El documento presentado en la mañana de hoy señala varias de ellas que resultan paradigmáticas. Una es el hecho reiterado de que la prisión preventiva a un policía homicida escasas veces es efectivizada, y Marisa señala como ejemplo el caso del policía Armando Murúa, asesino de Lucas Rudzicz, quien se encuentra libre y  en funciones, “como si nada hubiera pasado”. Otra circunstancia repetida son los sobreseimientos tramitados a velocidades asombrosas, como en el caso de Raúl Ledesma, un chico asesinado en Los Cortaderos, en el cual la jueza a los quince días de haber ocurrido el homicidio dictó el sobreseimiento del agente, que después fue apelado.

Una cuestión también llamativa es el modo en que en los procesos judiciales, los testigos que surgen de las investigaciones son los propios policías, que otorgan las pruebas y dan testimonios. Cuando las familias se presentan como querellantes, muchas veces no son tomadas en cuenta como tales, acorde a las leyes que rigen.

Posteriormente nos comunicamos con la abogada Victoria Siloff, una de las letradas que presentó el documento, quien compartió las dificultades que tuvieron que sortear las personas designadas -el abogado Carlos Orzaocoa, la entrevistada, Lorena Barraza (hermana de Ezequiel Barraza) y Vanesa Rudzicz (hermana de Lucas Rudzicz)- para llegar a la oficina del Fiscal General Alejandro Moyano, que incluyeron desde el mencionado cierre de los accesos hasta la intimidación por parte de personal de seguridad. Finalmente lograron acceder al funcionario público y hacer entrega en mano del documento, además de señalar las causas a las que se referían en el documento.

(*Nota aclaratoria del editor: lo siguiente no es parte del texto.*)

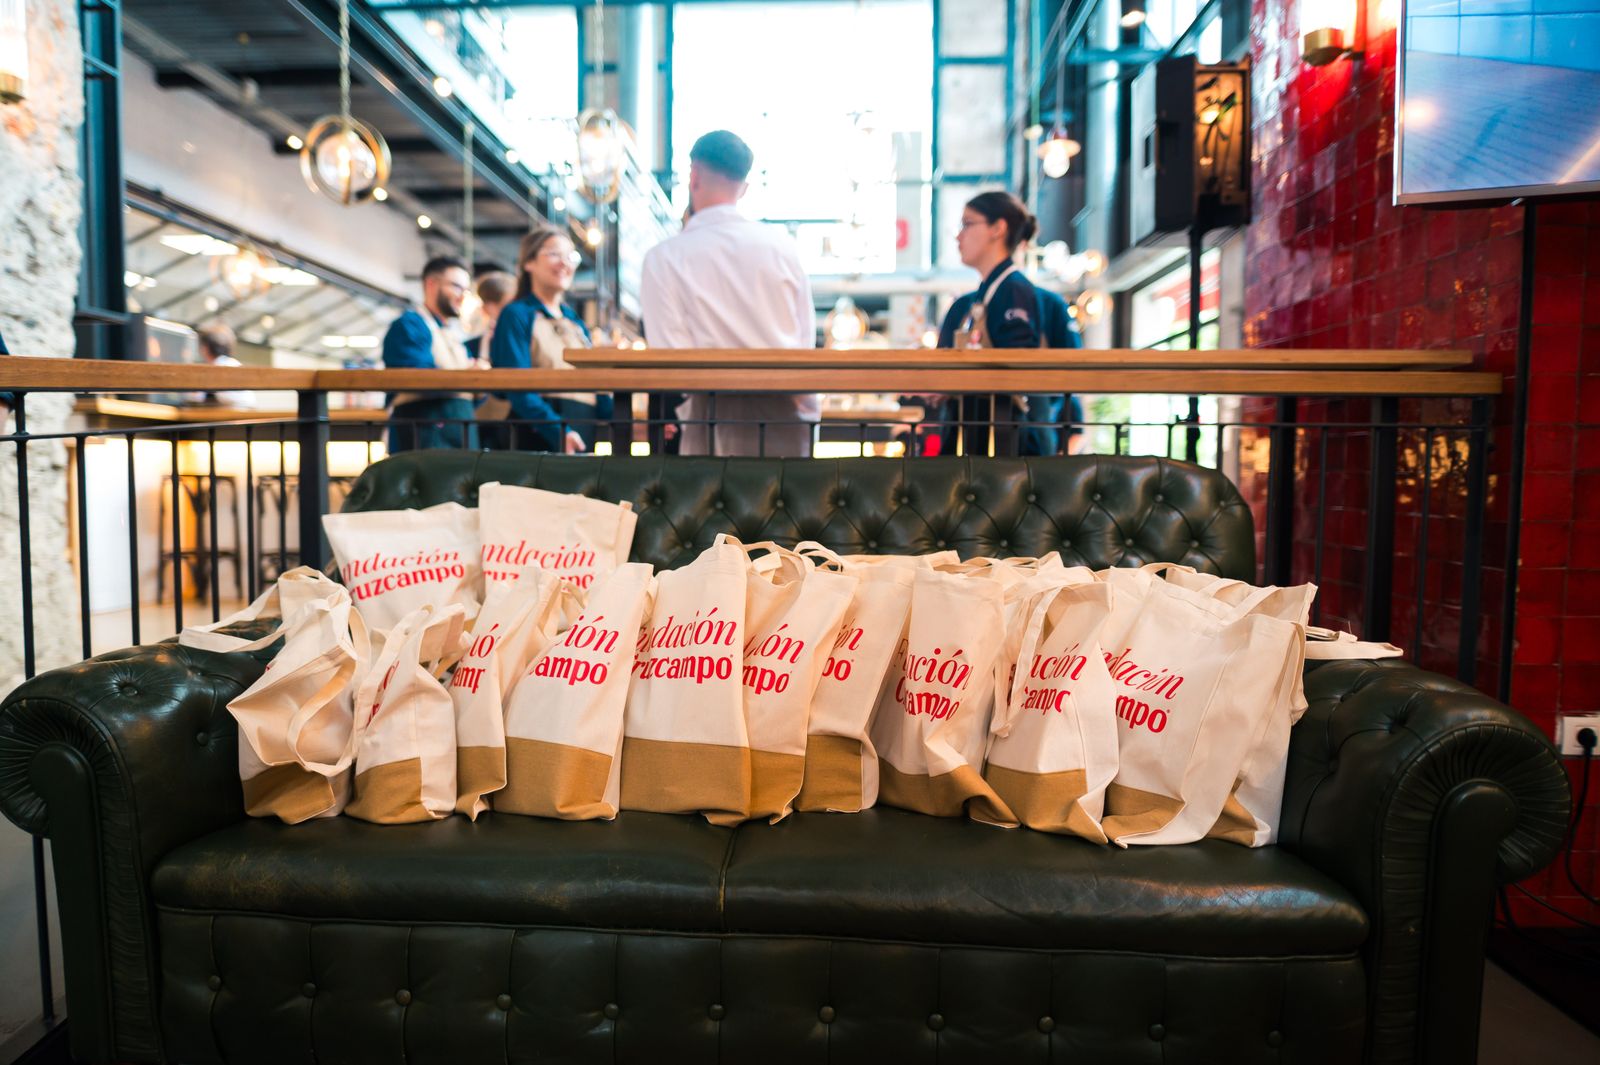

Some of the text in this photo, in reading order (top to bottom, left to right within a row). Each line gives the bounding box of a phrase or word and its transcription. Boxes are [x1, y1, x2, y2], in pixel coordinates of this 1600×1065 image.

[349, 563, 465, 606] ruzcampo
[563, 614, 619, 653] ión
[533, 655, 608, 686] ampo
[631, 655, 732, 684] ruzcampo

El fiscal general “no sabe/no contesta”

Ante las denuncias planteadas en el documento, cuenta la abogada que el fiscal Moyano rápidamente respondió “que no hay una política criminal, en este sentido, digamos, de dejar libres a los policías o de direccionar las investigaciones y mucho menos de generar la impunidad, pero le dijimos  que en los hechos quedaba demostrada otra cosa y que era su rol y su deber como fiscal general de la provincia y como cargo jerárquico dentro del Ministerio Público observar estas investigaciones para que cumplan con todas las normas procesales y con toda la legislación internacional, nacional y provincial que hacen a la conducta y el accionar policial”.

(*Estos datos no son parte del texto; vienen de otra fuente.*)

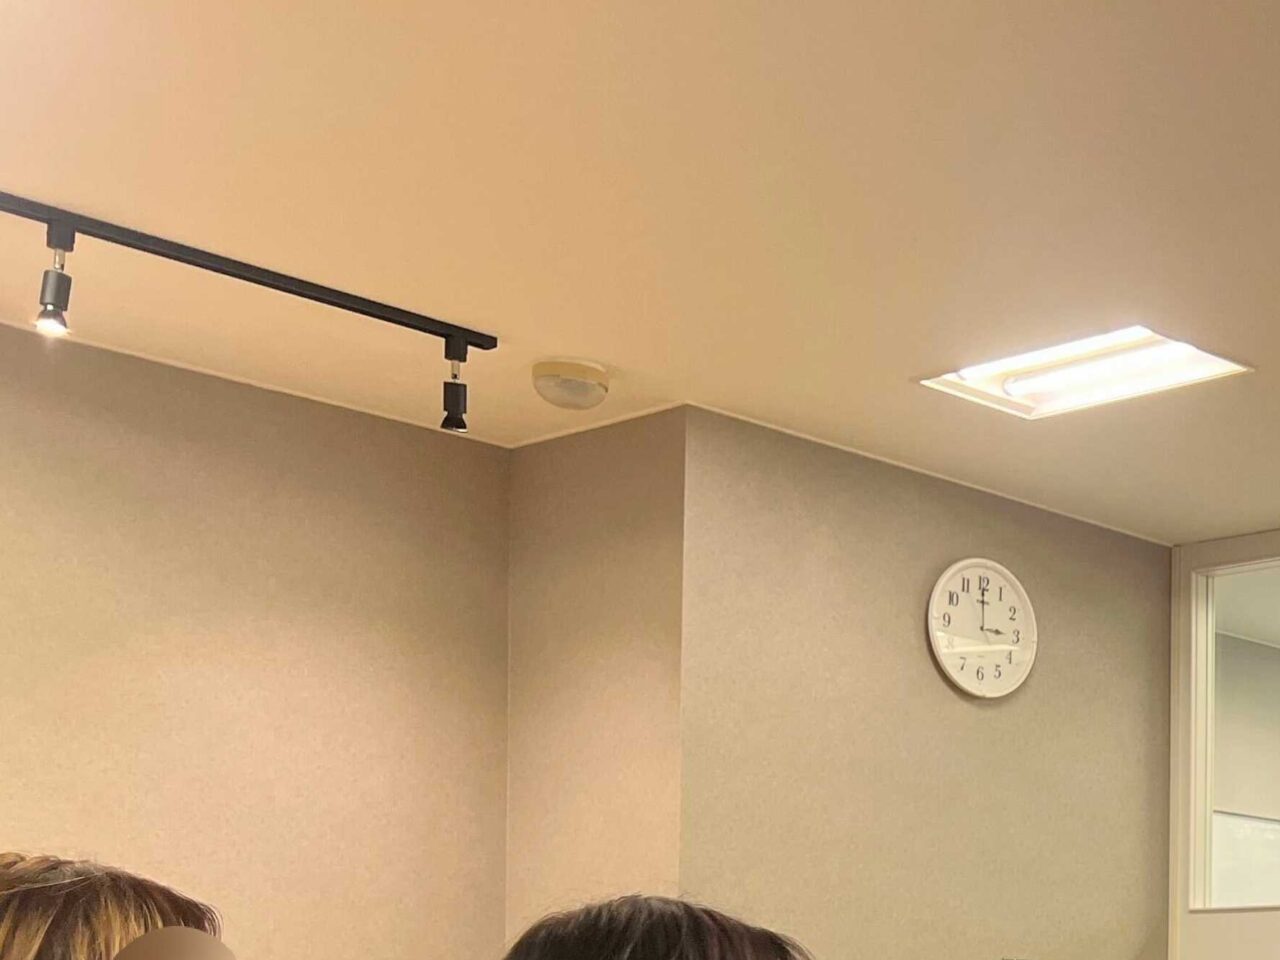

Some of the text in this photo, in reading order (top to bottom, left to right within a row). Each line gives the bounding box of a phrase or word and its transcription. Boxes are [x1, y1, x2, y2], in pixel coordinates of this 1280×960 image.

[961, 577, 970, 593] 11
[978, 576, 990, 592] 12
[948, 590, 959, 607] 10
[998, 586, 1003, 602] 1
[942, 612, 951, 628] 9
[1009, 607, 1017, 621] 2
[1012, 630, 1020, 644] 3
[959, 656, 967, 671] 7
[1005, 650, 1012, 664] 4
[976, 666, 984, 681] 6
[994, 664, 1002, 679] 5

El funcionario se comprometió a estudiar las causas referidas y contestar en dos semanas, cuando las organizaciones volverán a presentarse en Tribunales “para ver qué respuesta nos tienen y si efectivamente cumple con lo pactado”. Sin embargo, señala Siloff, “para esto es imprescindible la lucha en la calle (…) porque con gente en la calle, quieran o no, estos funcionarios empleados del poder judicial nos van a tener que recibir”.

Escrache a la justicia

Marisa comentaba que además de la presentación del documento y de la radio abierta que la acompañó, otra de las cosas que montaron en Tribunales fue una serie de escraches a policías y funcionarios judiciales. Sin señalar sus rostros, pero sí sus nombres, cargos y las responsabilidades vinculadas a las decisiones que tomaron en cada caso. “Porque también -explica la integrante del FOCCOF- creemos que esa es otra forma de hacer justicia, justicia colectiva, justicia popular, de nombrarlos y que no estén tranquilos, que no caminen tranquilos”.

Para finalizar, Marisa señaló que la cuestión central sigue siendo, más allá de los procesos judiciales, decir basta al gatillo fácil, “porque no queremos ni un pibe menos, ni una piba menos, y queremos que dejen de perseguir a nuestros pibes y que respeten su derecho a la vida y a la libertad”.